Multimodal Emotion Recognition via Multilevel Fusion of Visual, Audio, and Textual Data

José Salas-Cáceres, Javier Lorenzo-Navarro, Modesto Castrillón-Santana

Published: 01 Jan 2026, Last Modified: 16 Feb 2026CrossrefEveryoneRevisionsCC BY-SA 4.0

Abstract: Human–machine interactions are becoming increasingly common in society, making it important to improve their user experience. In this regard, an accurate emotion recognition system could substantially benefit the experience. This work presents a novel framework for multimodal emotion recognition that performs fusion at multiple levels, feature and score, to effectively combine visual, audio, and textual information. Modality-specific embeddings are extracted using VGGFace for visual data, a Wav2Vec2-Large-Robust model for audio, and BERT for text. These representations are unified via three different feature-level fusion strategies: concatenation, Embrace, and cross-attention. A subsequent score-level fusion employs an adaptive weighted sum to produce the final class probabilities.

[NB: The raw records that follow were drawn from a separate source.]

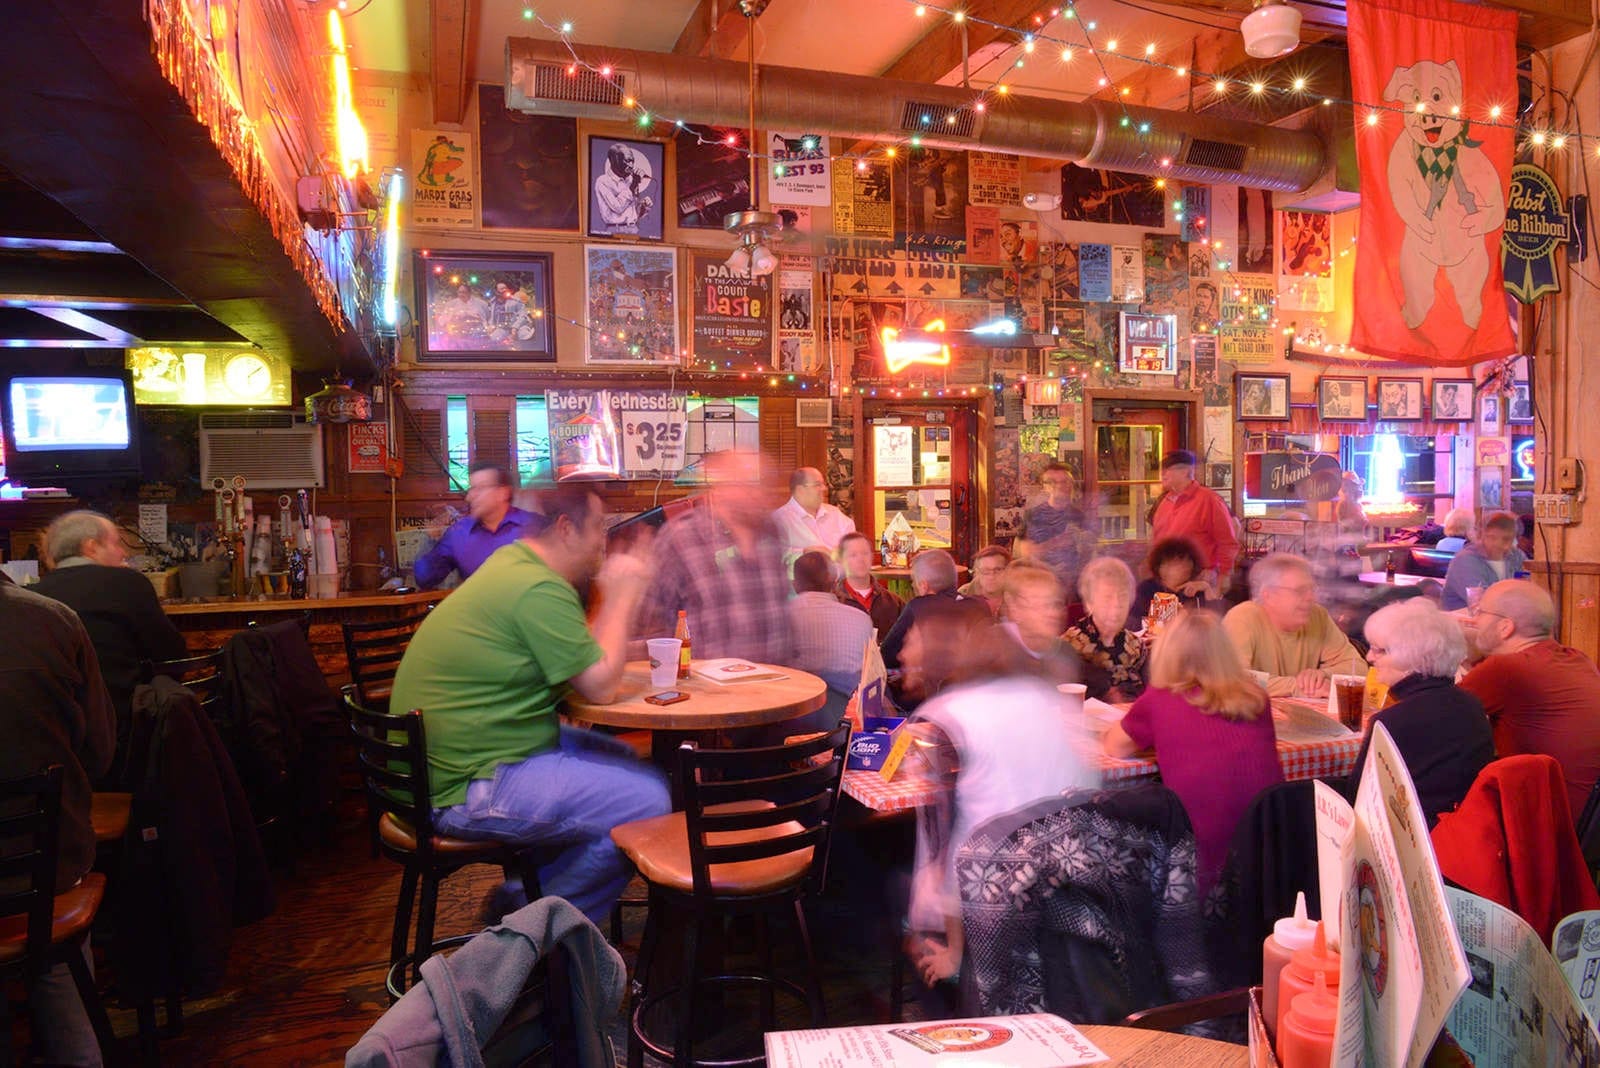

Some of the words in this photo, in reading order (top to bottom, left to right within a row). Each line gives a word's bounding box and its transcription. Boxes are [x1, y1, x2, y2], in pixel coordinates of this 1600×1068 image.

[810, 163, 824, 175] 93
[415, 189, 446, 201] MARDI
[449, 191, 473, 202] GRAS
[979, 190, 996, 198] EDDIE
[1000, 191, 1020, 200] TAYLOR
[1507, 181, 1547, 212] Pabst
[1504, 218, 1518, 232] ue
[1520, 213, 1566, 238] Ribbon
[1517, 235, 1539, 243] BEER
[717, 285, 748, 296] COUNT
[1253, 287, 1274, 304] KING
[707, 284, 761, 318] Basie
[1222, 305, 1244, 319] OTIS
[1243, 329, 1260, 338] NOV.
[549, 391, 593, 415] Every
[597, 391, 686, 412] Wednesday
[1271, 456, 1311, 490] Thank

On the four-emotion classification task of the IEMOCAP dataset, our approach achieves an unweighted accuracy of 73.53%, which represents solid results comparable with some state-of-the-art baselines and demonstrates the added value of visual cues. Our experiments also analyze the impact of fusion and pooling choices, providing insights for future multimodal systems.

External IDs:doi:10.1007/978-3-032-10192-1_45